Les Animaux Fantastiques
Tome 1


Chapitre seize

  L'altercation entre Manuela et Aysha conduisit au départ précipité du groupe d'amis, malgré les efforts de Thésée pour détendre l'atmosphère. Tina et Queenie s'étaient même occupées de Manuela que la stupéfixion n'avait épargnée que quelques effets secondaires, mais ils s'étaient tous retrouvés dans les rues, avec leurs affaires, le soir même. Jacob, Norbert, Queenie et Tina étaient allés trouver des places sur le prochain bateau, tandis qu'April avait prévenu Dumbledore de leur départ prochain et Thésée, Helena et Aysha étaient plongés dans leurs pensées.

  Lorsque Tina, sa sœur, Jacob et le magizoologiste revinrent, ils apprirent à leurs camarades qu'ils étaient parvenus à obtenir suffisamment de places pour le bateau qui partait le lendemain à l'aube. Ils passèrent donc la nuit dans un coin tranquille, guettant tout signe d'anormalité. Personne ne ferma l'œil, chuchotant entre eux, regardant les étoiles ou se laissant tout simplement bercer par leurs pensées. Norbert et Tina étaient assis, face à eux Queenie et Jacob, et tous quatre regardaient silencieusement le ciel. Plus loin, Helena, April et Aysha murmuraient entre elles toute sorte de choses futiles. Seul dans son coin, Thésée, lui, était perdu dans ses pensées, fixant inconsciemment l'Occlumens.

  Le lendemain, ils partirent tous vers le port dans un silence pesant. L'aîné des Dragonneau marchait seul, bien derrière les autres. Norbert ne put le remarquer que lorsqu'Aysha et Tina se mirent à discuter, apprenant à mieux se connaître. Il rejoignit rapidement son frère et lui demanda :

  — Qu'est-ce qui ne va pas ?

  L'Auror tourna la tête vers son benjamin et se contenta de murmurer :

  — Comment va Aysha ?

  — Pourquoi ne le lui demandes-tu pas toi-même ?

  — Ne pose pas de question, je t'en prie.

  Norbert hocha la tête, conscient qu'il ne valait mieux pas le brusquer, et lui apporta une réponse :

  — Elle fait de son mieux.

  — Dis-moi que je ne l'ai pas blessée plus que je ne l'ai déjà fait.

  — Tu sais bien que je ne peux dire une telle chose.

  Thésée baissa la tête, le cœur serré. Il n'avait jamais voulu lui faire du mal, mais il semblait qu'il le faisait inconsciemment.

  — Leta me manque, dit-il subitement, sûrement pour lui-même.

  — Je sais.

  Les deux frères restèrent silencieux tout le reste du trajet et ils rejoignirent leur groupe en arrivant sur le bateau où Tina expliquait :

  — Nous avons trois cabines pour deux personnes et deux pour une. C'était tout ce qu'il restait.

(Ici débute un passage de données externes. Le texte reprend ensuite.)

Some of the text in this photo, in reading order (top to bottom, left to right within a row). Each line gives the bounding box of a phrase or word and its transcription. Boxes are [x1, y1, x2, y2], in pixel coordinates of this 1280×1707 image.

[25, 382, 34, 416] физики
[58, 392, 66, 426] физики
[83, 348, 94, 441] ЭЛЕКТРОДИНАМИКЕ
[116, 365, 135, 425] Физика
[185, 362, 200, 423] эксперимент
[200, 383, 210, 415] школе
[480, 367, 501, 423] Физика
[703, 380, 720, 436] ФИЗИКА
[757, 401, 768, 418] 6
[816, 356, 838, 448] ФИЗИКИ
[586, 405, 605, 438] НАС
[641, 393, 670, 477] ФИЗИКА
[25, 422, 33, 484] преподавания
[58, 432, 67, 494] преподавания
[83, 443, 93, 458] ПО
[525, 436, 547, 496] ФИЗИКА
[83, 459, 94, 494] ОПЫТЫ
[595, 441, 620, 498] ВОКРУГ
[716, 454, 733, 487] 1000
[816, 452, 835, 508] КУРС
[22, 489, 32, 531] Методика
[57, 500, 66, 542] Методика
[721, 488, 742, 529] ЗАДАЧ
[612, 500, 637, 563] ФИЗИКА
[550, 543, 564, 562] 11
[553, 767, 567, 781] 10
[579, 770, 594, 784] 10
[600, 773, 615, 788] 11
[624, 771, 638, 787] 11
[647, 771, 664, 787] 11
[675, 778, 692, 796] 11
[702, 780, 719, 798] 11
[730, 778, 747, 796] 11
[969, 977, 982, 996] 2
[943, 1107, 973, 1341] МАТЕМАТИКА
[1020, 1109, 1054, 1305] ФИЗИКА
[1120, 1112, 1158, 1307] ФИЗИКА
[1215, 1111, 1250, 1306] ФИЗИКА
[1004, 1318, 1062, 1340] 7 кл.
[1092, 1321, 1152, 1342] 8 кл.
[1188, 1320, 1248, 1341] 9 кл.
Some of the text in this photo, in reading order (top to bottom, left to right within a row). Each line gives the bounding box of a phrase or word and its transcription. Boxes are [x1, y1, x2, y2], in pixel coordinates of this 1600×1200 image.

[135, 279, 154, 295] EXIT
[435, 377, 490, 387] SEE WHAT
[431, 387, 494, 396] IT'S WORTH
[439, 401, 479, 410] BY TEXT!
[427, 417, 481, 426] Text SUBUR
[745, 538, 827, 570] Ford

  — J'en prends une pour une personne ! hurla April en attrapant la clé.

  — Très bien. Les autres ?

  Finalement, ils s'organisèrent, Thésée partageant sa cabine avec Norbert, Queenie avec Tina, Helena avec Aysha et Jacob prit, lui aussi, une cabine seul. Ils ne tardèrent d'ailleurs pas à les rejoindre et la plupart trouvèrent le sommeil en un rien de temps.

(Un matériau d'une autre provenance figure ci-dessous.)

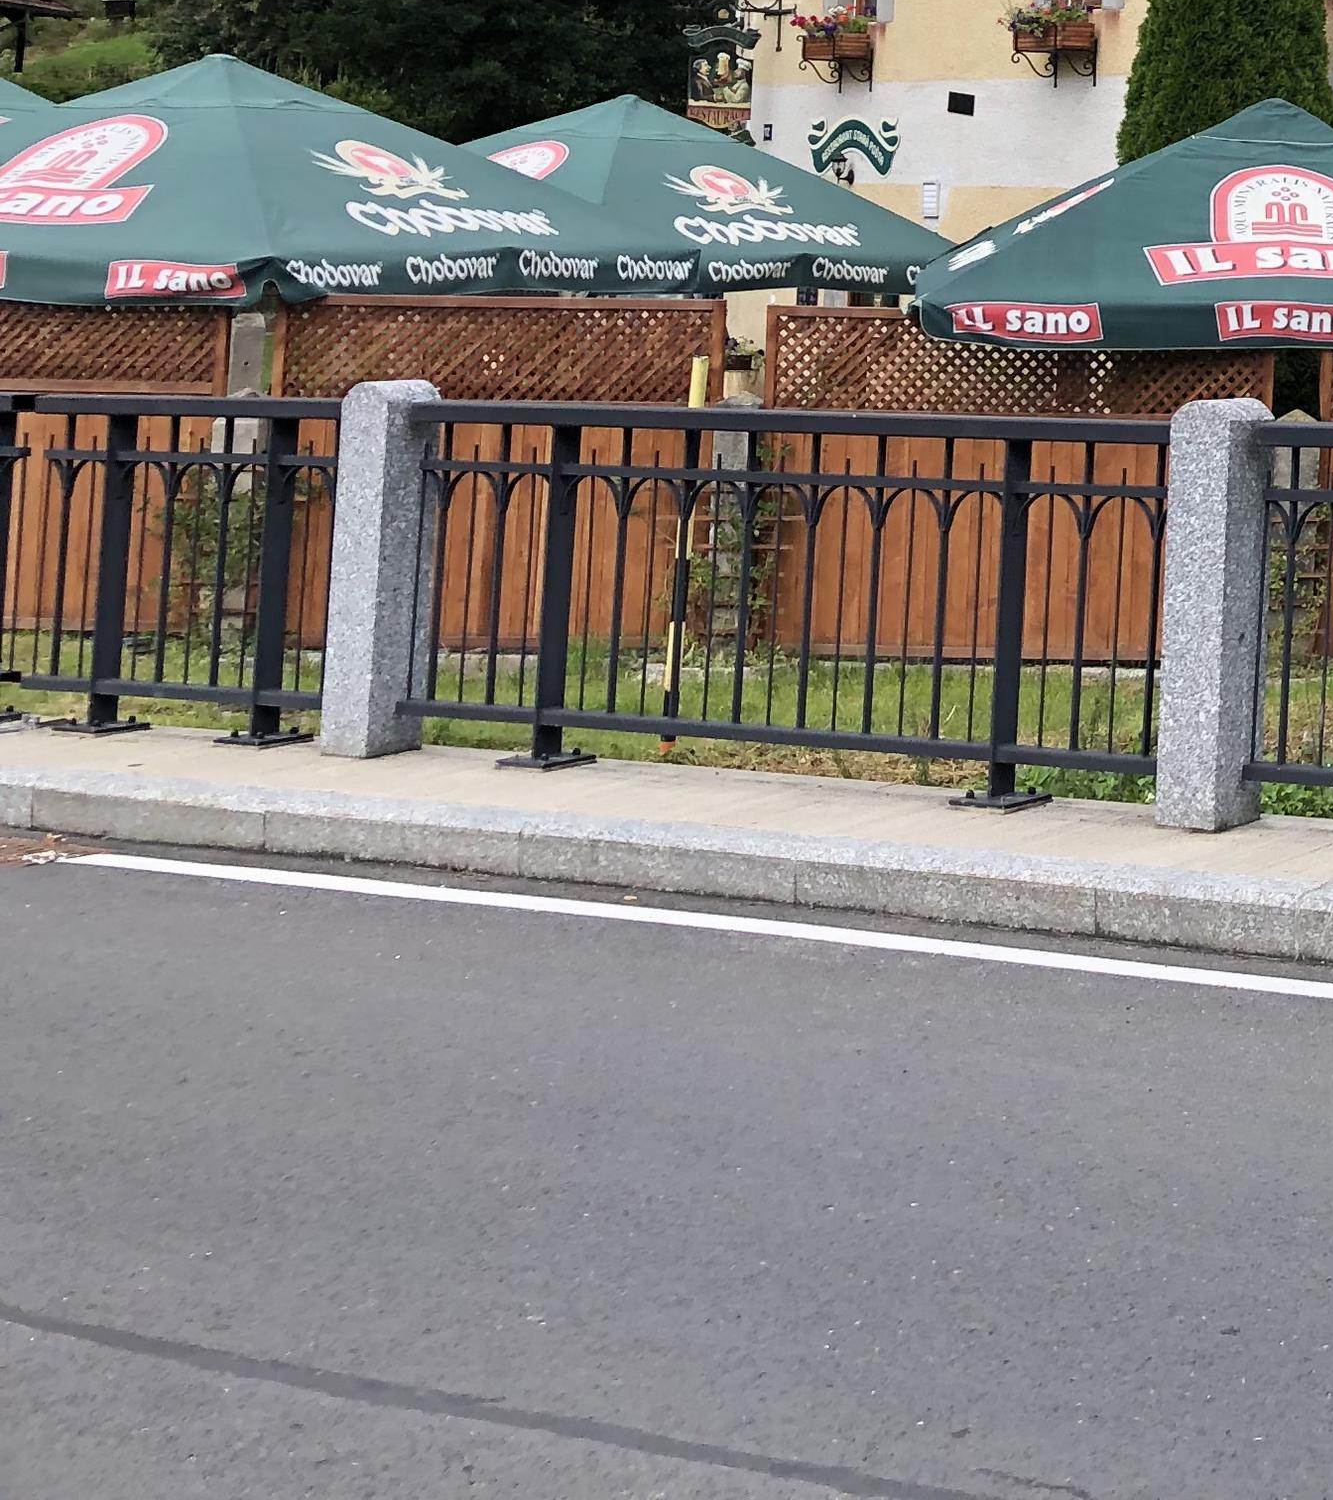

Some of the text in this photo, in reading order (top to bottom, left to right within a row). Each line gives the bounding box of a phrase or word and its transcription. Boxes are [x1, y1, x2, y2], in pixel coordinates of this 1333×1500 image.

  Helena s'assit sur son lit, fixant le vide. Tandis qu'Aysha redescendait de son perchoir après avoir rangé sa valise, la jeune femme murmura soudainement :

  — Comment Emy peut-elle être d'accord avec la barbarie de ce fou ?

  Surprise, l'Occlumens se tourna vers sa sœur et s'assit face à elle. Ne sachant quoi répondre, elle changea de sujet :

  — Norbert et Tina sont enfin ensemble.

  Helena leva alors la tête, lui adressa un timide sourire qui laissait encore transparaître sa peine avant de lui avouer :

  — Je l'avais compris. Il était temps.

  Un silence s'abattit sur les deux sœurs qui replongeaient dans leurs pensées. Elles restèrent ainsi, immobiles, de longues minutes, avant qu'Aysha ne se lève et attrape le livre qu'elle avait posé sur le bout de son lit. Lorsqu'elle se retourna de nouveau vers sa sœur, elle demanda à voix basse :

  — Pourquoi personne ne parle de ce qu'il s'est passé ce matin ? À croire que vous avez déjà oublié...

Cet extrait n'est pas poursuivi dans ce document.